Tuesday, 26 June 2012
Wood Pigeon, savoy cabbage and pancetta with date sauce
Inspired by a legendary dish at Gordon Ramsay's Royal Hospital Road restaurant this recipe uses wood pigeon, not those 'rats of the sky' that you'd find in Trafalgar Square before you get too squeamish. Wood pigeon are gamey delicious and in fact rather healthy and when put with cabbage and pancetta with a fruity sauce become rather moorish.

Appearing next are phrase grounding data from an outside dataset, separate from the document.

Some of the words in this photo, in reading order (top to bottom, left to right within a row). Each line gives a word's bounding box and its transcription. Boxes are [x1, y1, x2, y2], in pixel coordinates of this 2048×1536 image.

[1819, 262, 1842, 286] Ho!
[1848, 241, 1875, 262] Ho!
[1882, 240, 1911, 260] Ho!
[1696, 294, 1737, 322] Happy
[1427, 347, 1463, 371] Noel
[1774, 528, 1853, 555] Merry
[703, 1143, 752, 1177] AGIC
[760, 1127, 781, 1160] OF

1 Wood pigeon, plucked of all feathers and innards removed
For the confit leg of pigeon
300ml Melted goose or duck fat
1 Bay leaf
Few sprigs of thyme
Half teaspoon rock salt
Half teaspoon black peppercorns
500ml Red wine
3 Large shallots, sliced
1 Bay leaf
Few sprigs of thyme
125ml Dates, dried and pitted
200ml Chicken stock
200ml Beef stock
1 Tablespoon sherry vinegar
For the Cabbage
1 Small Savoy cabbage
100g Pancetta, diced into lardons
50ml Chicken stock
1. Preheat the oven to 150C. For the pigeon, take the breasts off the bone and remove the legs. Wrap the breasts in cling film and place in the fridge. Place the confit ingredients into a small ovenproof pan and add the pigeon legs, cover with wet greaseproof paper and place into the oven for 45-50 minutes.
2. For the date sauce, add a dash of olive oil to a saucepan and add the shallot's, sautee for 3-5 minutes until beginning to caramelise, add the pigeon carcass and once browned add the sherry vinegar, thyme and bay leaf. Once the sherry vinegar has evaporated add in the red wine and reduce on a high heat until the liquid has reduced by two thirds. Add the stock's and reduce again to the same level until the liquid coats the back of a spoon. Strain through a sieve into a clean pan and set aside.
3. Place the dates into a pan of boiling water and boil on a medium heat for 10-12 minuted until the dates are pulpy and easily pierced with a knife, drain and while still hot transfer to a food processor and blitz to a fine puree. Add back into the pan and slowly add the red wine sauce to create a slightly looser textured sauce, whisk in the butter and set aside keeping warm.
4. In a frying pan using no oil, place the pancetta cubes over a high heat and fry until crispy, shred the savoy cabbage and add to the pan, use the chicken stock to season the cabbage and fry until wilted but still with a little crunch. Remove the confit pigeon from the oven and increase the heat to 180C.
5. Heat a dash of olive oil in a pan over a high heat and season the pigeon breasts with salt and pepper, once the pan is smoking hot add the breasts skin-side down and fry for 1-2 minutes, turn over and fry for a further 1-2 minutes. Place in the oven for 5 minutes for medium meat or 3 minutes for medium-rare. Once removed from the oven leave to rest for 5 minutes.
6. To assemble, place a round pastry cutter or chefs ring into the centre of the plate, stack the cabbage mixture inside the ring and top with the confit leg and pigeon breast, dot the sauce around the stack and serve.